And on the other side, if the brand is declining for the last few years, which by the way is a problem, a lot of eCommerce. Owners are facing. 'cause it's been a tough couple of years for a lot of business owners that can also hurt, like how much you sell for. So sometimes I'll talk to founders who will say, oh, we, we've had a bad couple like last two years, but the year before that, you know, we did really well.

But the thing is, a buyer's not gonna look at that. They don't care what you did before. They care about what you've done most recently and what the trend is. And they're assuming that the trend is gonna continue.

Jay Myers: right. So for people listening right now, I sometimes I ask founders, I say what's your long-term goal? And they, a lot of times people say, well, maybe, you know, one day to sell it, write this. And you know, I have always heard that it's not a decision you make one day. It's, you gotta start planning now.

What are some things that. Merchants should be thinking about, even if they're not at all on the market for selling, but they wanna start setting themself up. For I always say like even if you're not selling, structuring your business in a way that's healthy for someone who's looking at it as still a good exercise, but regardless, what are some things people should be looking at and doing now to be.

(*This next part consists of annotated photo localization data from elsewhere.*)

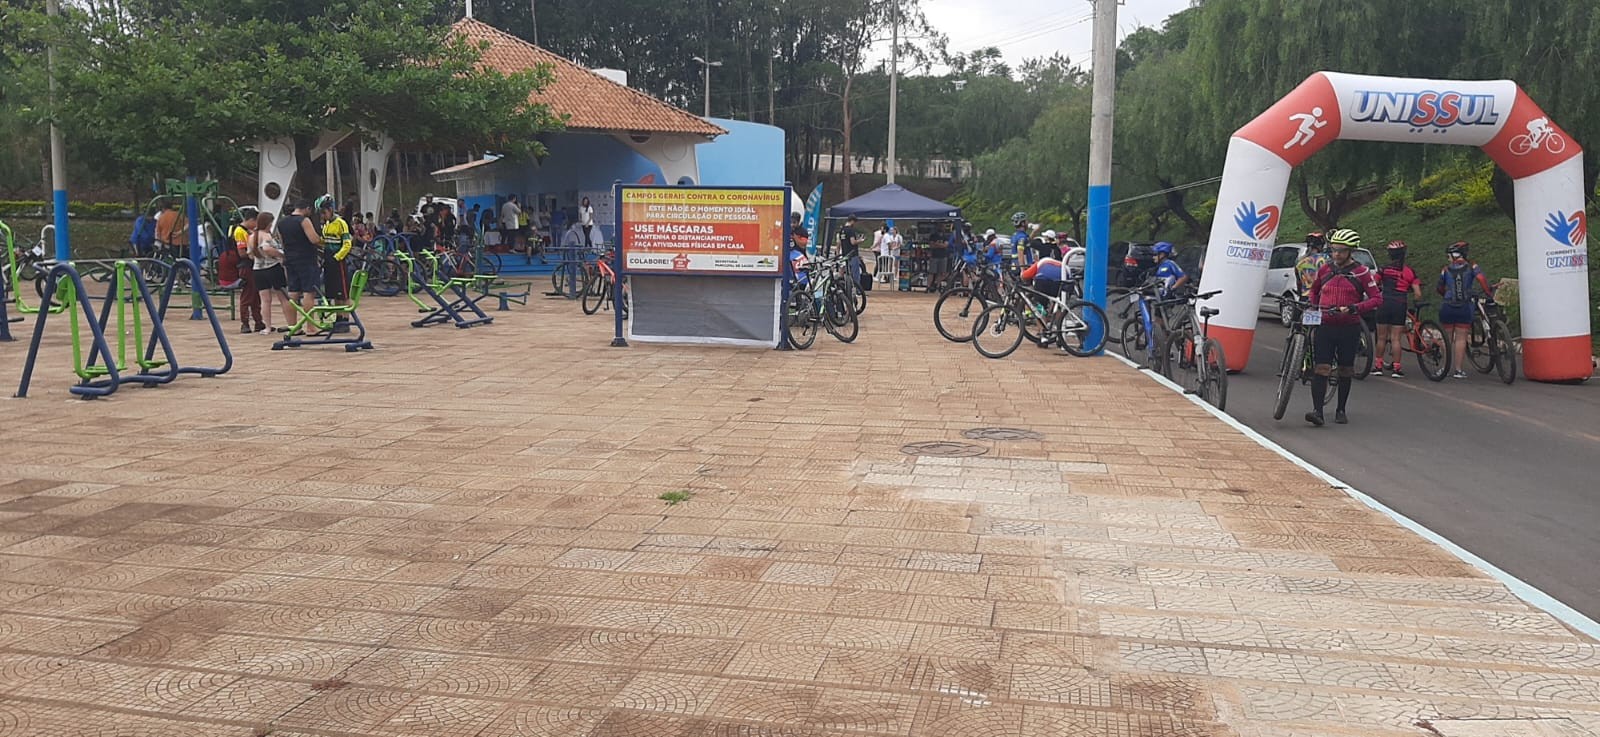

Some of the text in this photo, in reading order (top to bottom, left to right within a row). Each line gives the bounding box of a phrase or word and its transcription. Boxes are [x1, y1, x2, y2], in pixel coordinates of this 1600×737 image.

[1350, 90, 1500, 127] UNISSUL
[658, 192, 686, 200] GERAIS
[727, 193, 780, 201] CORONAVÍRUS
[667, 204, 683, 212] NÃO
[666, 212, 712, 220] CIRCULAÇÃO
[656, 223, 714, 234] MÁSCARAS

Alexis Grant: The cool thing is that most of the things that you would do to be appealing for a buyer are also the same things that would make a business great for you to run. So sometimes there are people who like make these optimizations with the goal of selling and then they're like, oh, actually this business became more profitable and it's less stressful, and so I wanna keep running it.

Jay Myers: There's a reason they care about those metrics, right?

Alexis Grant: Yeah, exactly. So one good one is thinking about founder dependencies, and that means like where is your company dependent on you as the founder? So that could be operationally, so like maybe you're doing, you're actually executing stuff in the day to day, like you're making the business run. Or it can be a branding dependency where people are buying from the brand because they know your name and your face.

If you weren't there, then they wouldn't buy in the same way. And both of these things are a risk for a buyer because you know, if you leave, then they won't be able to continue to run the business in the same way. And most founders, not all, but most founders, when they sell their business, they're doing it because they do want to exit.

Like they wanna move on to something else, they wanna go onto the next phase of their life. And so you wanna set it up in a way where you can transfer it over and there may be like a transition period, short or long. Eventually you can transition it over. So building teams and delegating and having systems that are documented so that other people can do the work.

That's one of the best ways to set yourself up and founder dependency is also a, you asked about multiple killers that can be a deal killer.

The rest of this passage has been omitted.